Ma la perfezione puramente umana esige un insieme equilibrato ed equilibrante di virtù, delle quali forse non si tiene conto abbastanza: sono le virtù naturali.
Tornerà più facile e attraente il coltivarle, innalzandole all'ordine soprannaturale nel loro principio, nel loro motivo, nel loro fine. Se, invece della ragione, si considera quale principio Dio; se invece d'agire per motivo d'interesse, sia pure delicato e nobile, si segue l'impulso della fede; se, invece di proporsi la soddisfazione di un istinto anche nobile, si mira alla gloria di Dio e alla propria salvezza le azioni si trasfigurano e si praticano le virtù morali cristiane, le quali tendono direttamente a regolare i costumi o la condotta secondo le massime del Vangelo.
Prima fra queste, è la grande virtù di religione, che noi abbiamo meditata in primo luogo perchè essa è come la linfa vitale di tutte le altre virtù. Vengono poi le quattro virtù cardinali, cardine cioè, sostegno della vita cristiana, e prima fra tutte la prudenza.
Il primo libro dei Maccabei fa un'osservazione suggestiva: In die illa ceciderunt sacerdotes in bello, dum volunt fortiter lacere, dum sine consilio exeunt in praelium (1 Mac. 5, 67).
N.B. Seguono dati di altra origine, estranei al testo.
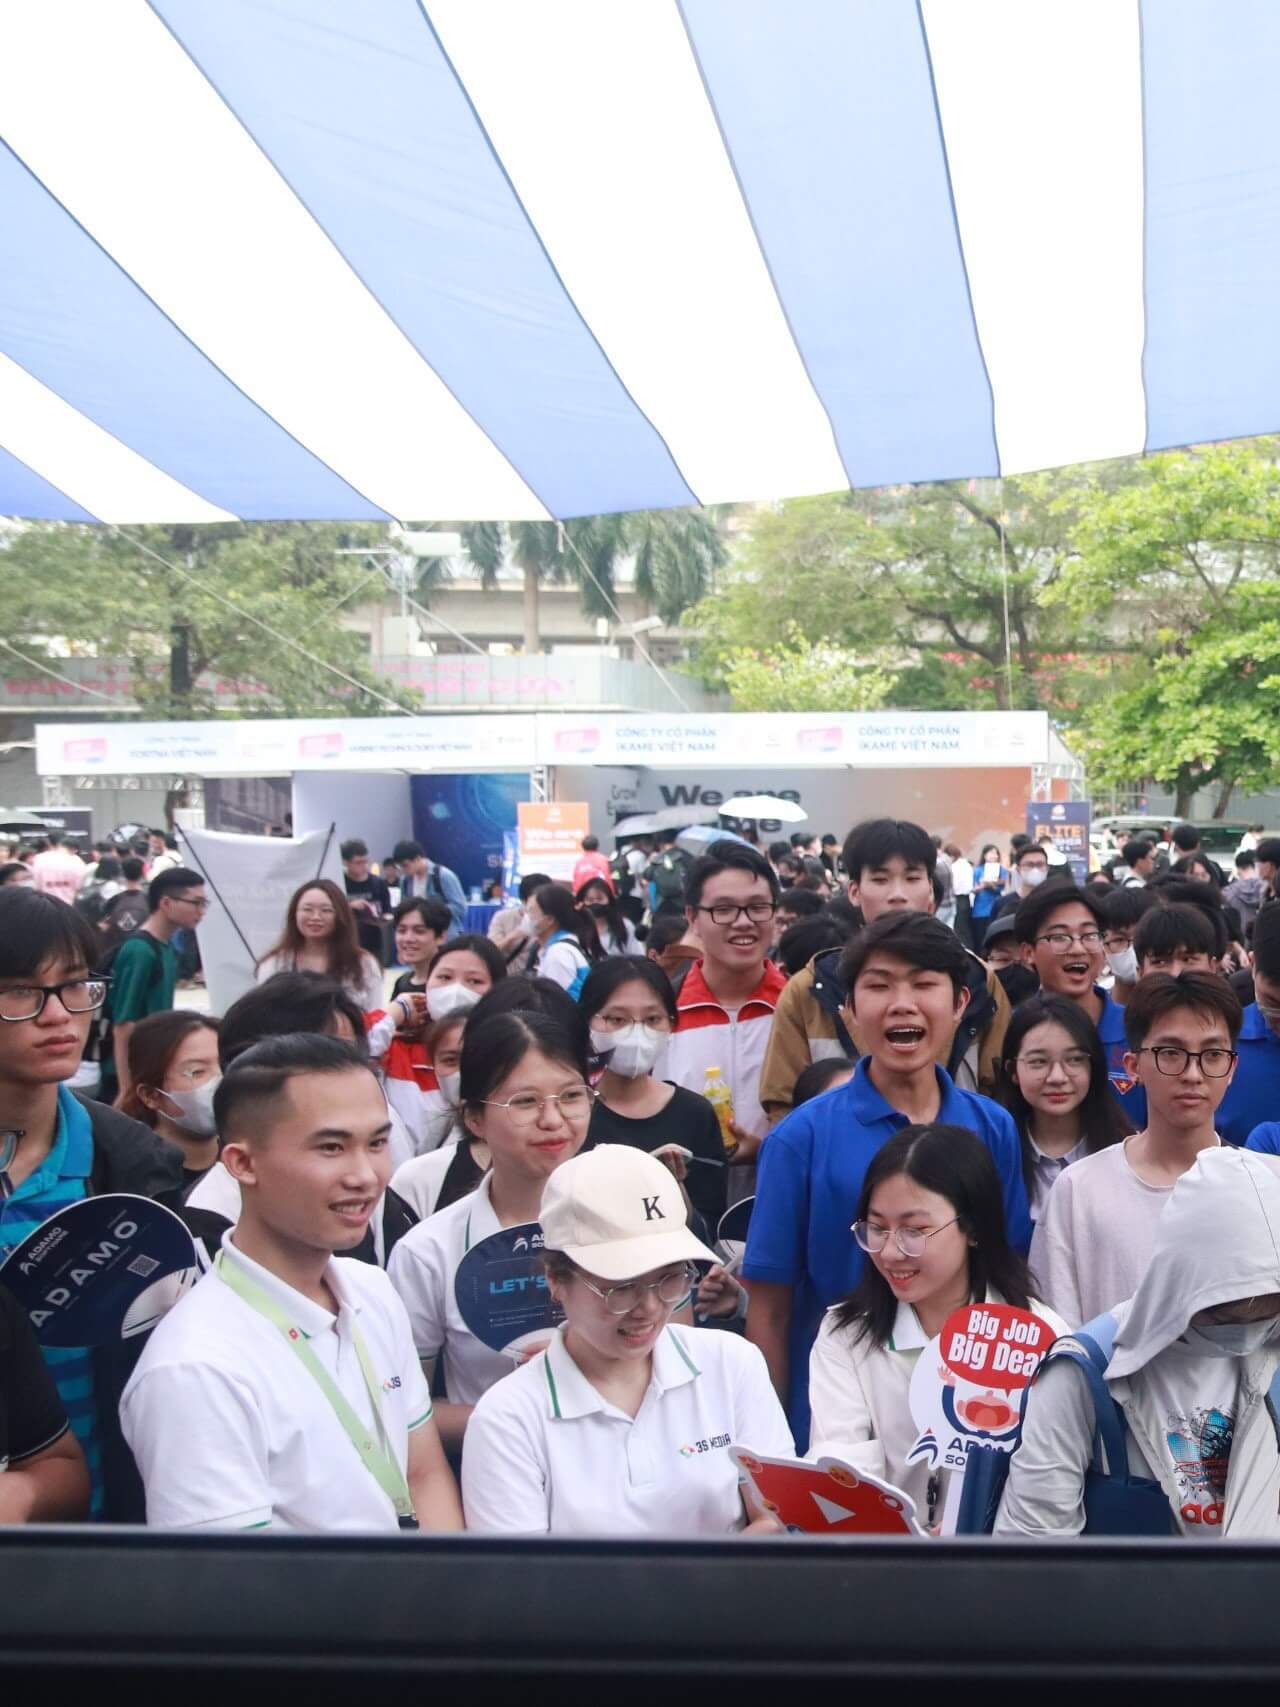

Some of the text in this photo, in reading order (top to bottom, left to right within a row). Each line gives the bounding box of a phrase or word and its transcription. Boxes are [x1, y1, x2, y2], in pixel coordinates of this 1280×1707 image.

[615, 726, 649, 738] CÔNG
[651, 728, 664, 737] TY
[858, 724, 891, 736] CÔNG
[893, 727, 906, 736] TY
[687, 743, 716, 752] NAM
[931, 741, 960, 750] NAM
[659, 784, 723, 806] We
[641, 1195, 667, 1223] K
[28, 1226, 62, 1260] ADAMO
[29, 1220, 139, 1329] ADAMO
[489, 1274, 547, 1296] LET'S
[967, 1309, 1041, 1347] Big Job
[948, 1332, 990, 1371] Big
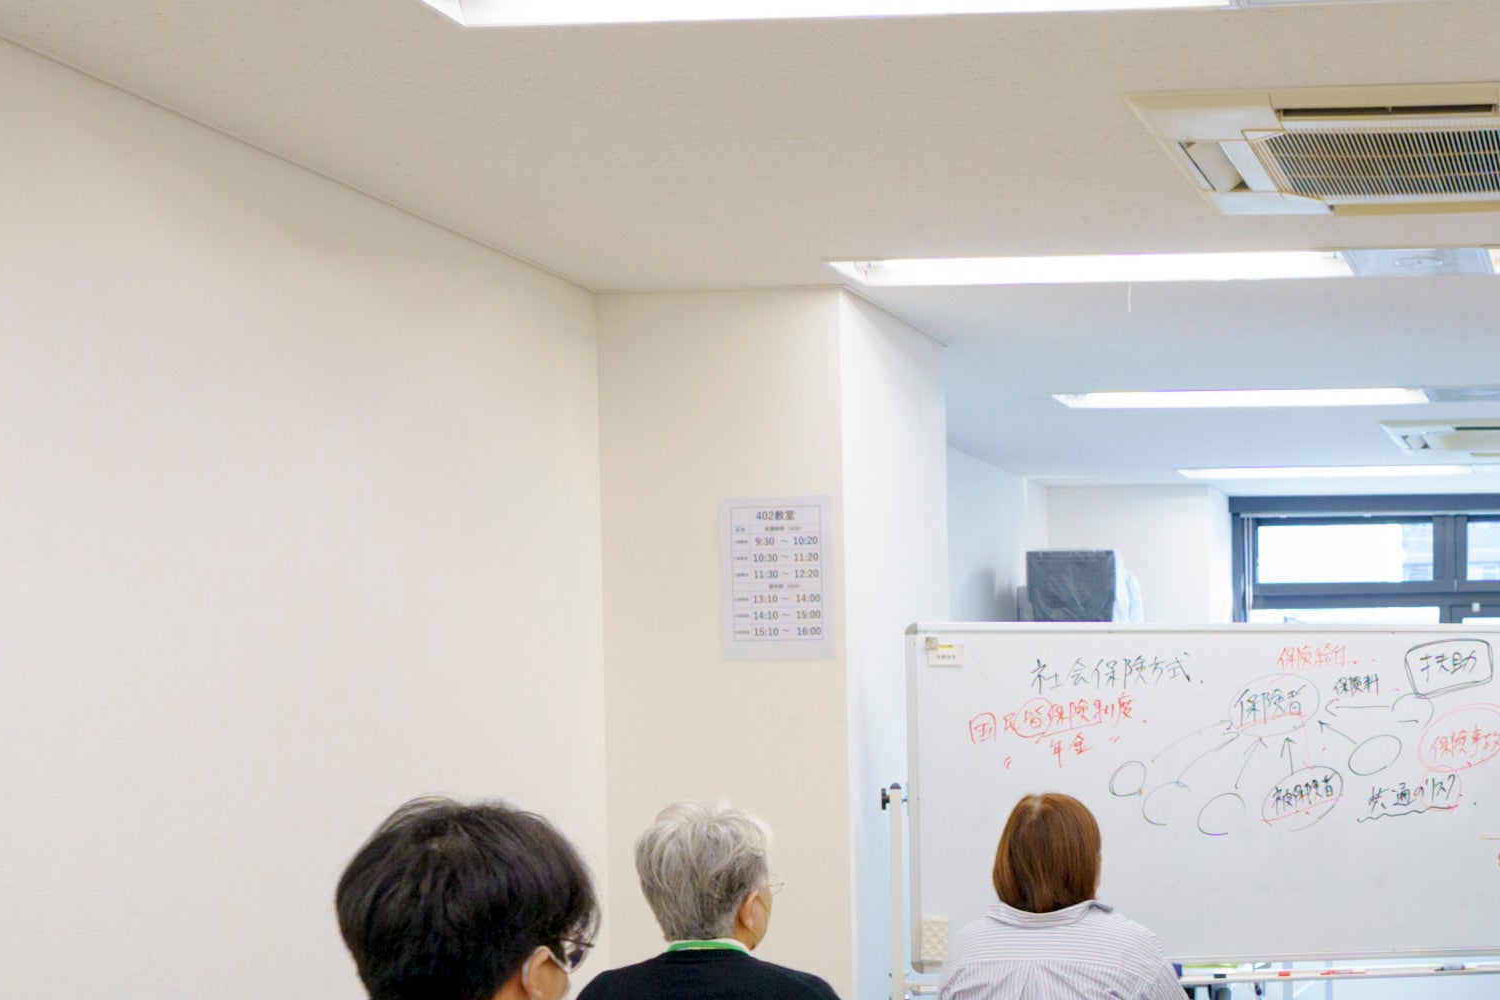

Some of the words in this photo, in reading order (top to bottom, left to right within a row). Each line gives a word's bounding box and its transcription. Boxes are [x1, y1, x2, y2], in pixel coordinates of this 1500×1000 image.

[1030, 651, 1191, 694] 社会保険方式
[1419, 650, 1477, 682] 扶助
[1332, 673, 1379, 697] 保険料
[1233, 683, 1308, 727] 保険者
[1049, 732, 1095, 768] 年金
Chi saprebbe dire quante volte la mancanza di prudenza ha reso vano il buon volere, sterile lo sforzo generoso, compromesso situazioni ottime?
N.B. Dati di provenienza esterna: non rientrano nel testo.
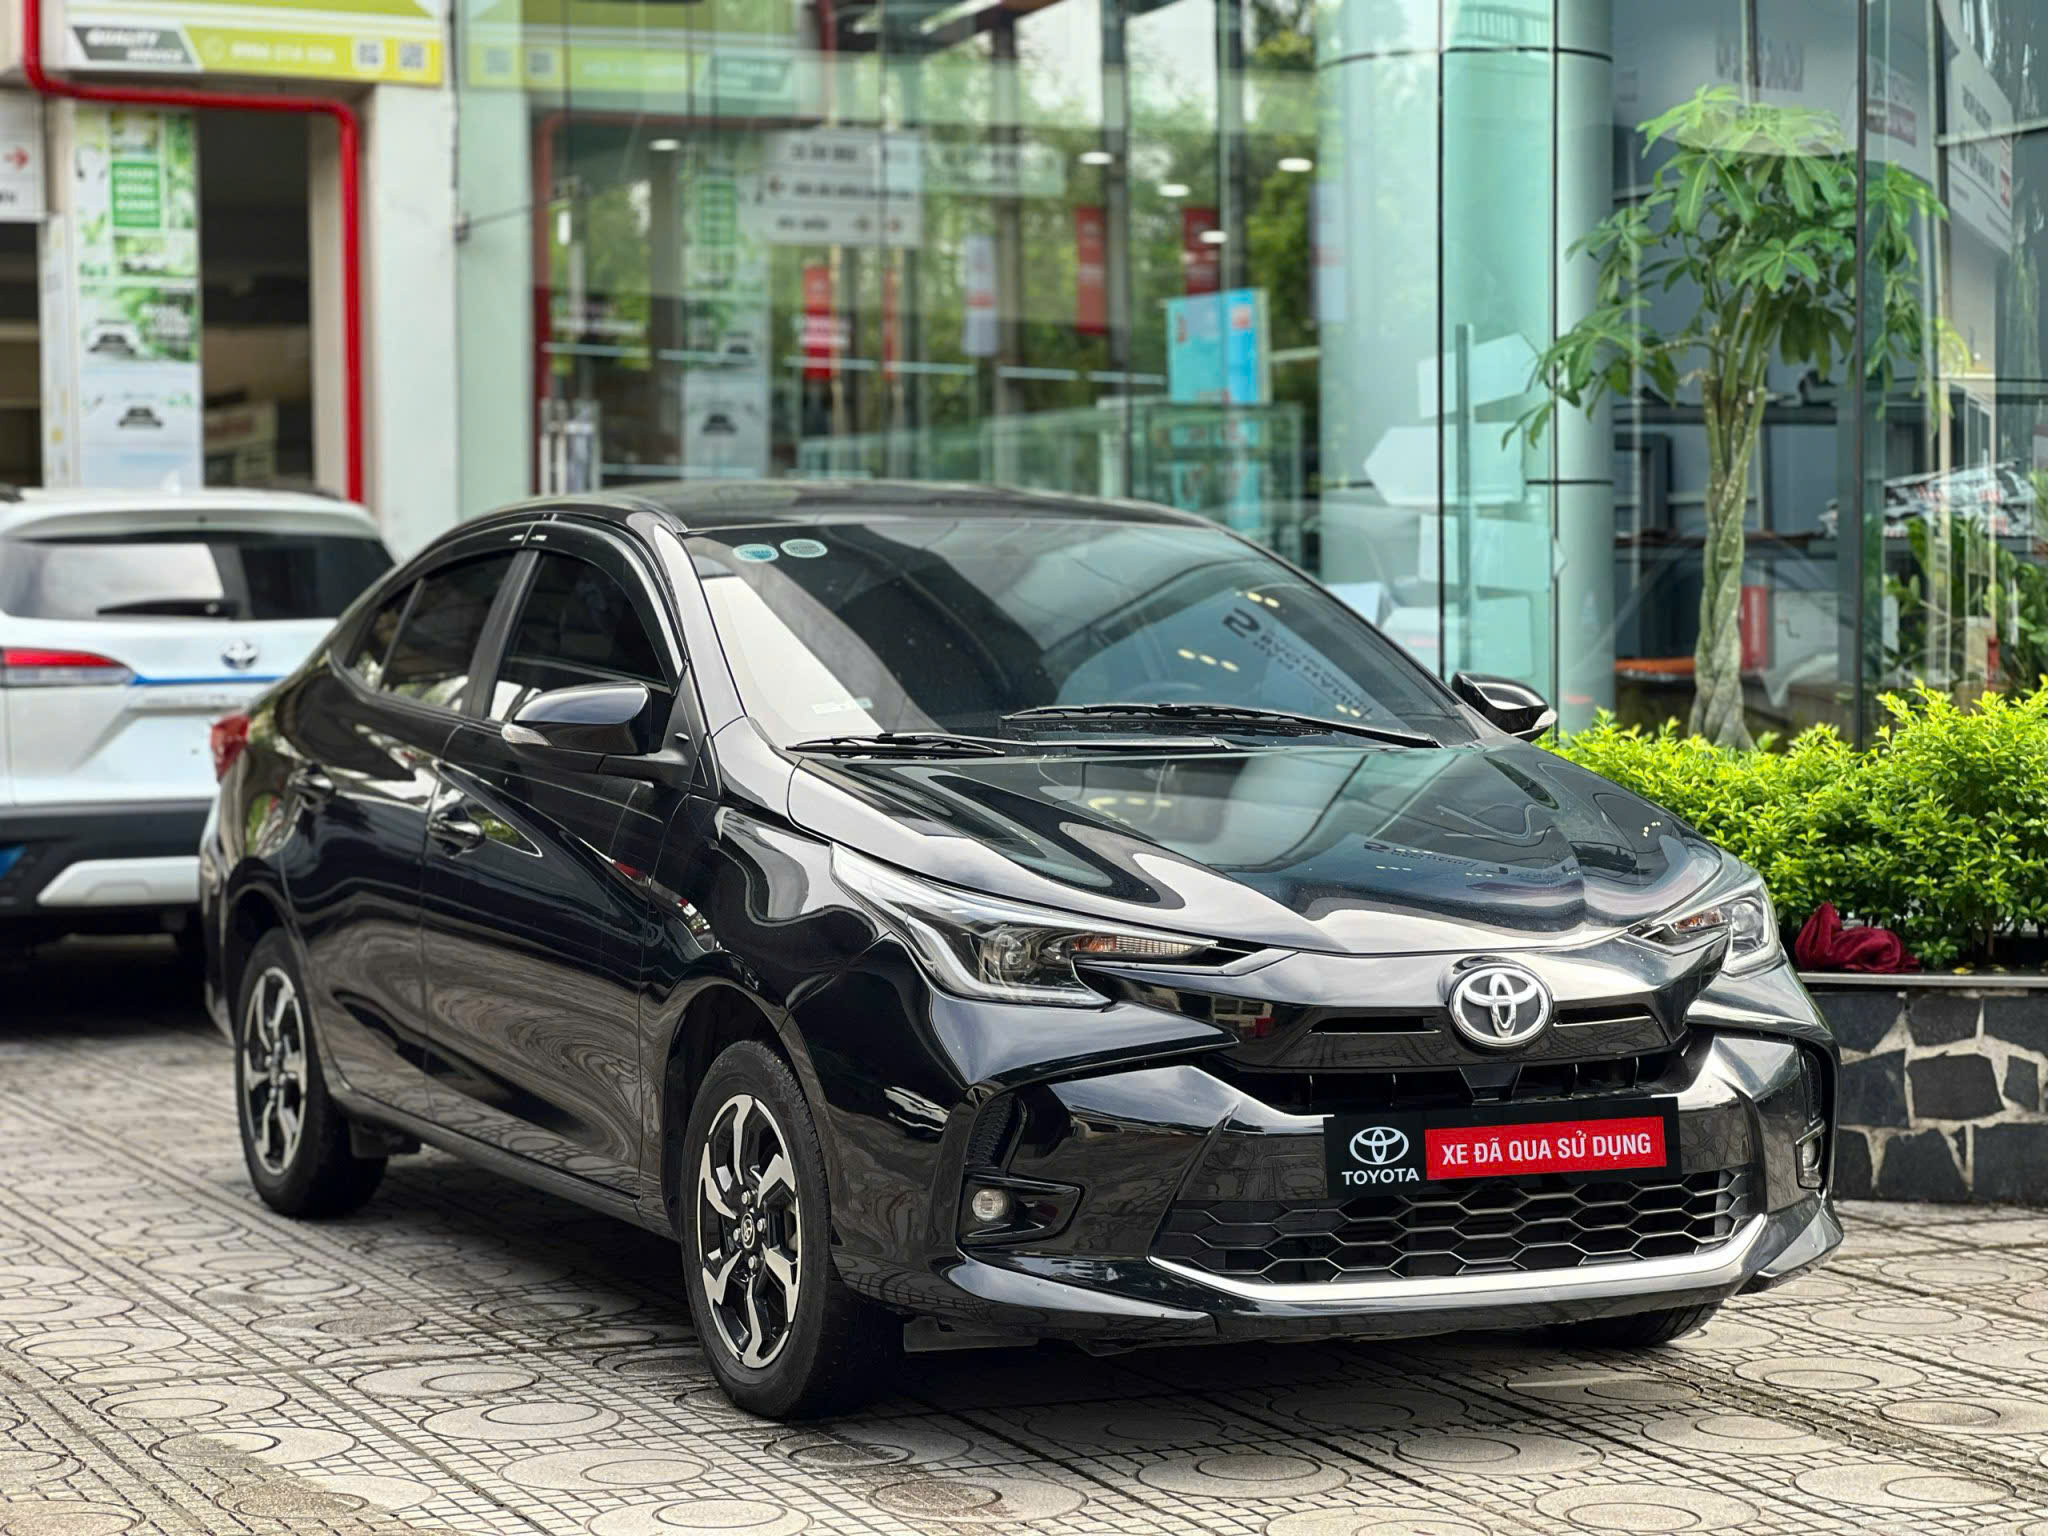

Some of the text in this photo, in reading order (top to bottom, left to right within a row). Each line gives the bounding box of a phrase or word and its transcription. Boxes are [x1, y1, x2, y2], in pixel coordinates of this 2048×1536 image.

[1442, 1130, 1652, 1166] XE ĐÃ QUA SỬ DỤNG
[1341, 1167, 1421, 1186] TOYOTA
La prudenza invece supplisce a molte deficienze e vai certo meglio dell'abilità, perchè l'abilità non è sempre compagna della rettitudine, qualità rara e pur sola capace d'attirare le divine compiacenze e il favore degli uomini. Dio infatti benedice la verità: veritas liberabit vos; gli uomini diffidano dell'abilità e facilmente la prendono per astuzia.
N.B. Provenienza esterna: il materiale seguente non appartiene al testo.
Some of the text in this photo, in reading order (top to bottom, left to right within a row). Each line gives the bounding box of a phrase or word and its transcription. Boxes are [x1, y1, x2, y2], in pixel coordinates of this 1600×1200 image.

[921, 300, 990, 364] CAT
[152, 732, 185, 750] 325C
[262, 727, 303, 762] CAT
Noi comprendiamo facilmente perché il Maestro ci raccomanda in modo speciale la prudenza: Estote ergo prudentes sicut serpentes (Mat. 10, 15). Ed è cosa, tanto più degna di rilievo, in quanto non sono molte le virtù che Egli ci ha raccomandate come a noi proprie in modo particolare; il sacerdote che deve formare i suoi fratelli non è forse tenuto alla pratica di tutte le virtù?
I Proverbi dicono che la prudenza è la sapienza dell'uomo, meglio, la scienza dei santi: Sapientia autem est viro prudentia et scientia sanctorum prudentia (Prov. 10, 23).
Meditiamo dunque sulla prudenza, considerando
- cos'è,
- che cosa esige,
- che cosa fa evitare.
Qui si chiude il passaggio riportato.